» Problem to work on: In the copy, keep every record exact and leave out all images.
☆ ☆ ☆ ☆
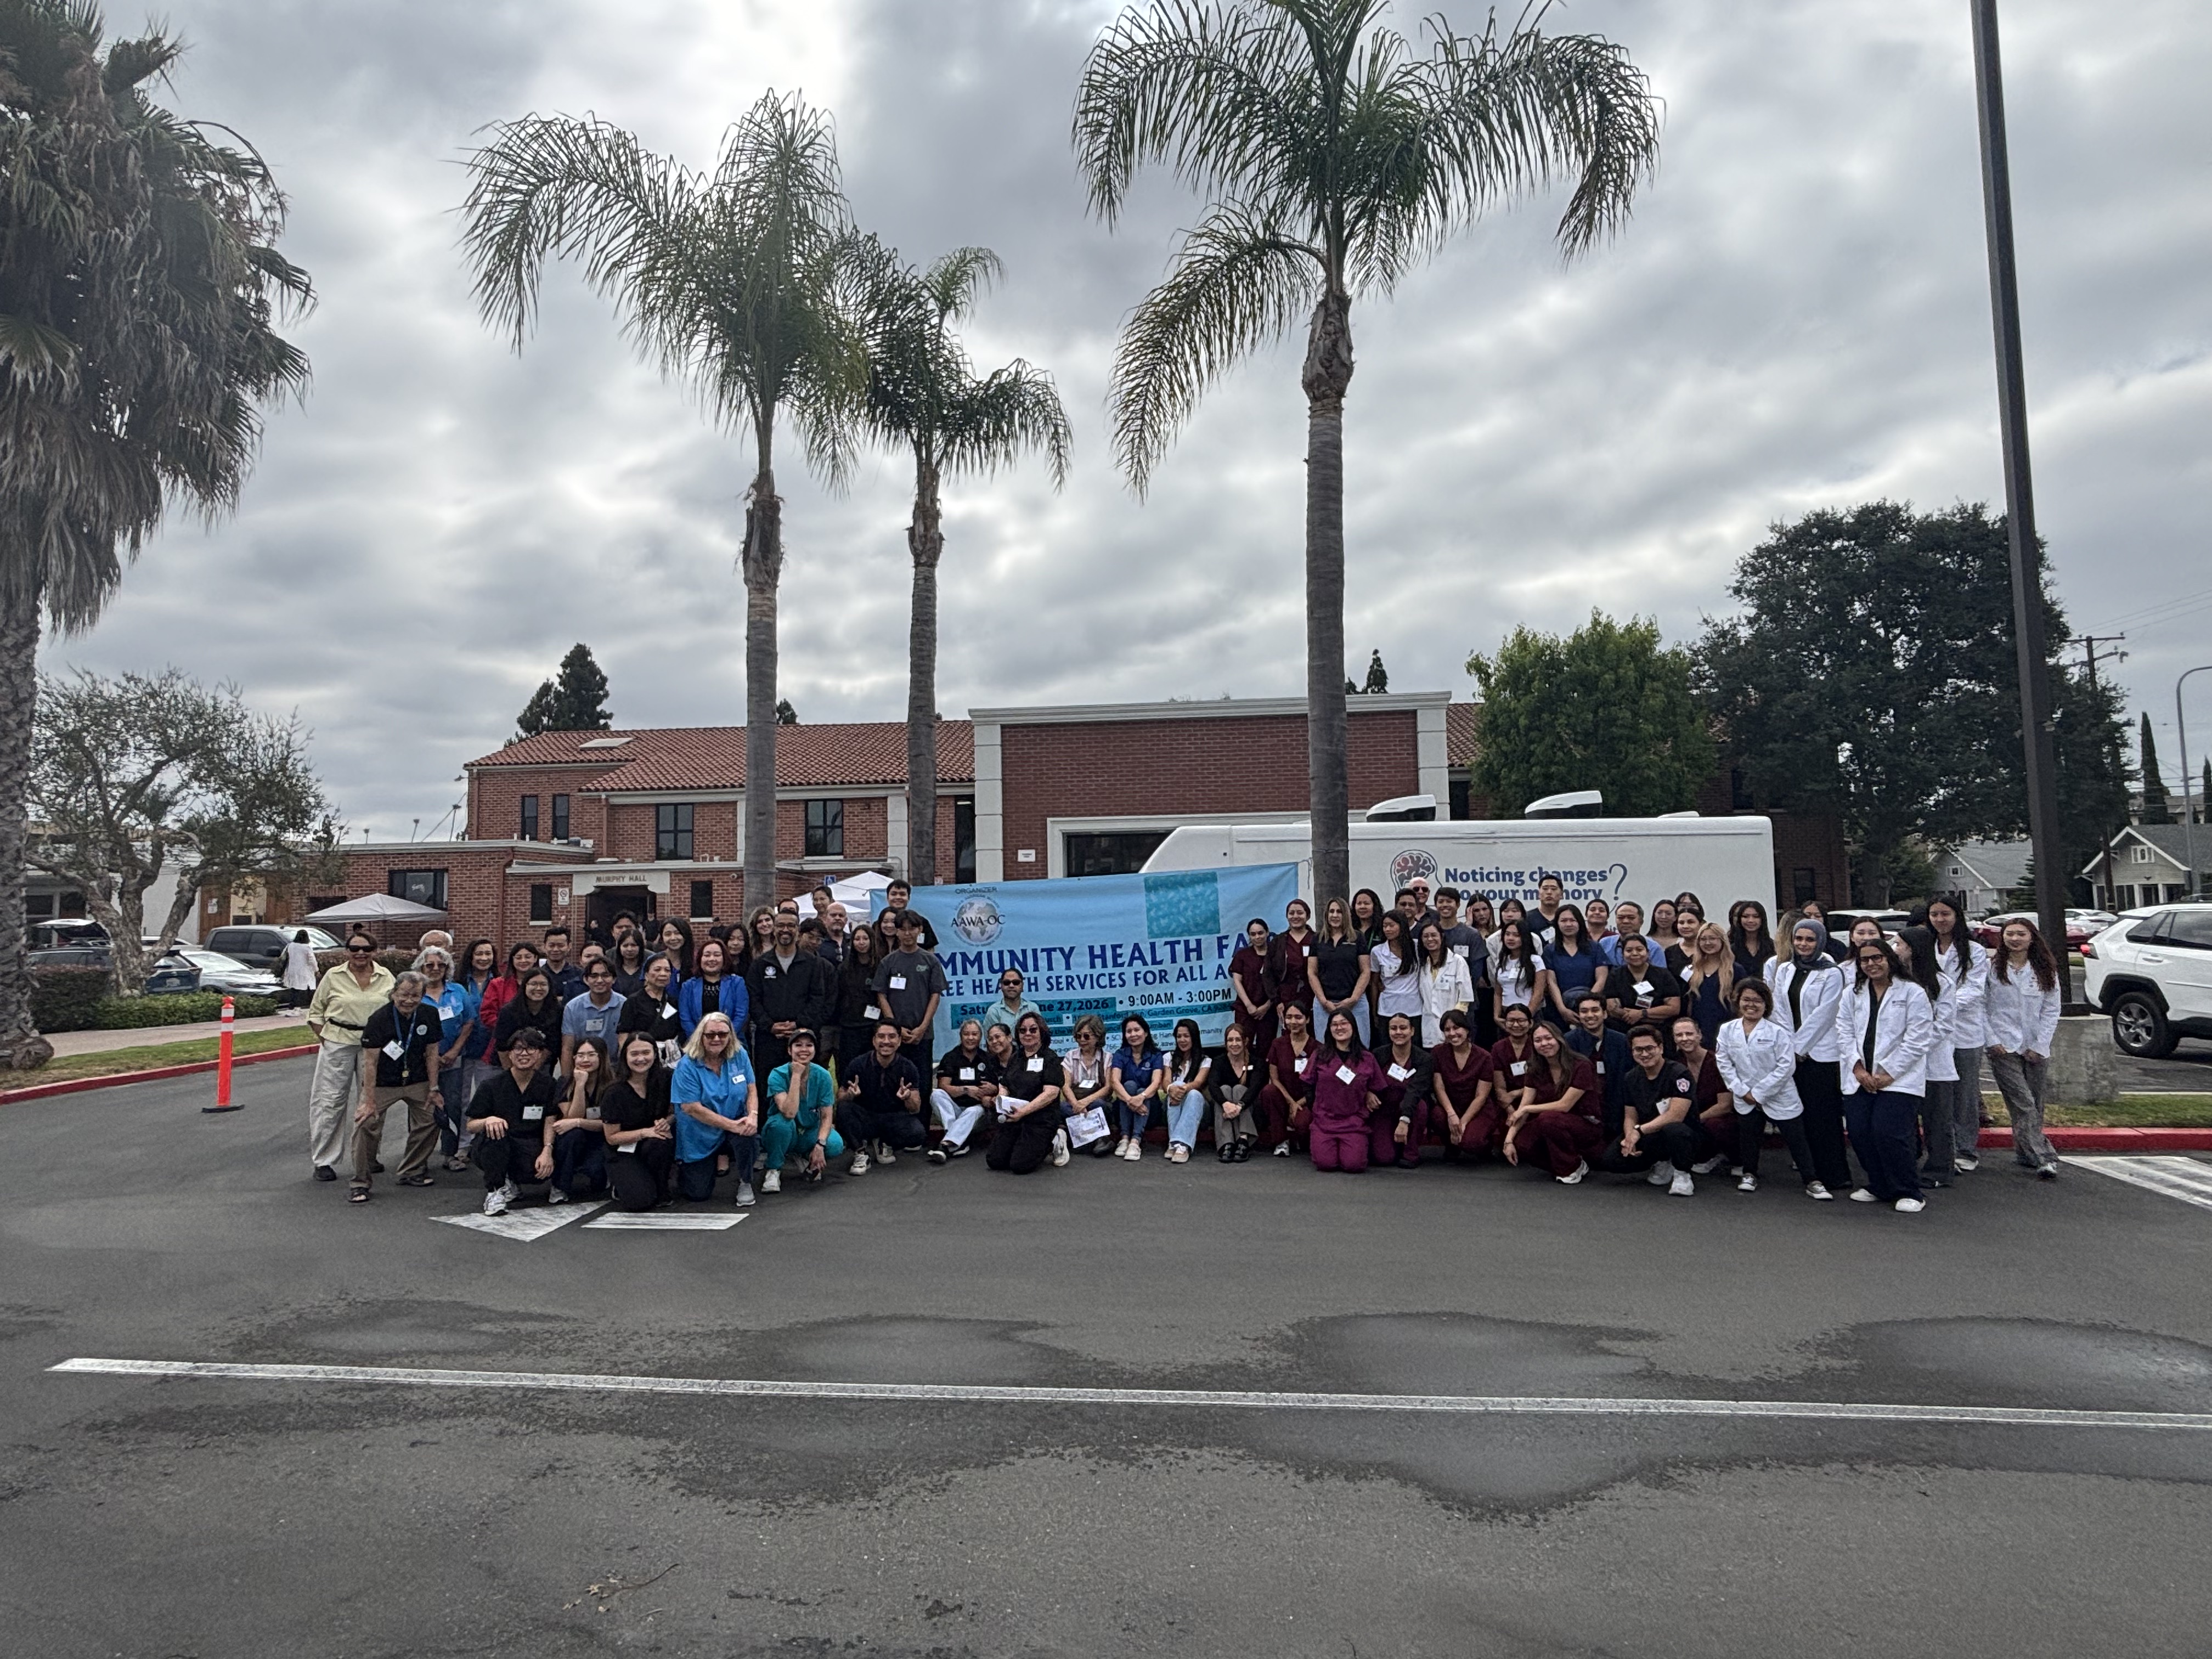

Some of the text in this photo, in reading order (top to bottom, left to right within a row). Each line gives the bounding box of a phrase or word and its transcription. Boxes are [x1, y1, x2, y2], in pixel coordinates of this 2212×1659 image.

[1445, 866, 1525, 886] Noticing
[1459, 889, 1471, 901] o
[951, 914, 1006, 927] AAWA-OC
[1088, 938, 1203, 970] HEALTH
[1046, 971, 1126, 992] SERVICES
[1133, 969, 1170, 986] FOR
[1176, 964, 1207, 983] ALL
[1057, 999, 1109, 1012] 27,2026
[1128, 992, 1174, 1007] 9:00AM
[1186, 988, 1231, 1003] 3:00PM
☆ ☆ ☆ ☆
» Exercise response:
Some of the text in this photo, in reading order (top to bottom, left to right within a row). Each line gives the bounding box of a phrase or word and its transcription. Boxes are [x1, y1, x2, y2], in pixel coordinates of this 2212×1659 image.

[1445, 866, 1525, 886] Noticing
[1459, 889, 1471, 901] o
[951, 914, 1006, 927] AAWA-OC
[1088, 938, 1203, 970] HEALTH
[1046, 971, 1126, 992] SERVICES
[1133, 969, 1170, 986] FOR
[1176, 964, 1207, 983] ALL
[1057, 999, 1109, 1012] 27,2026
[1128, 992, 1174, 1007] 9:00AM
[1186, 988, 1231, 1003] 3:00PM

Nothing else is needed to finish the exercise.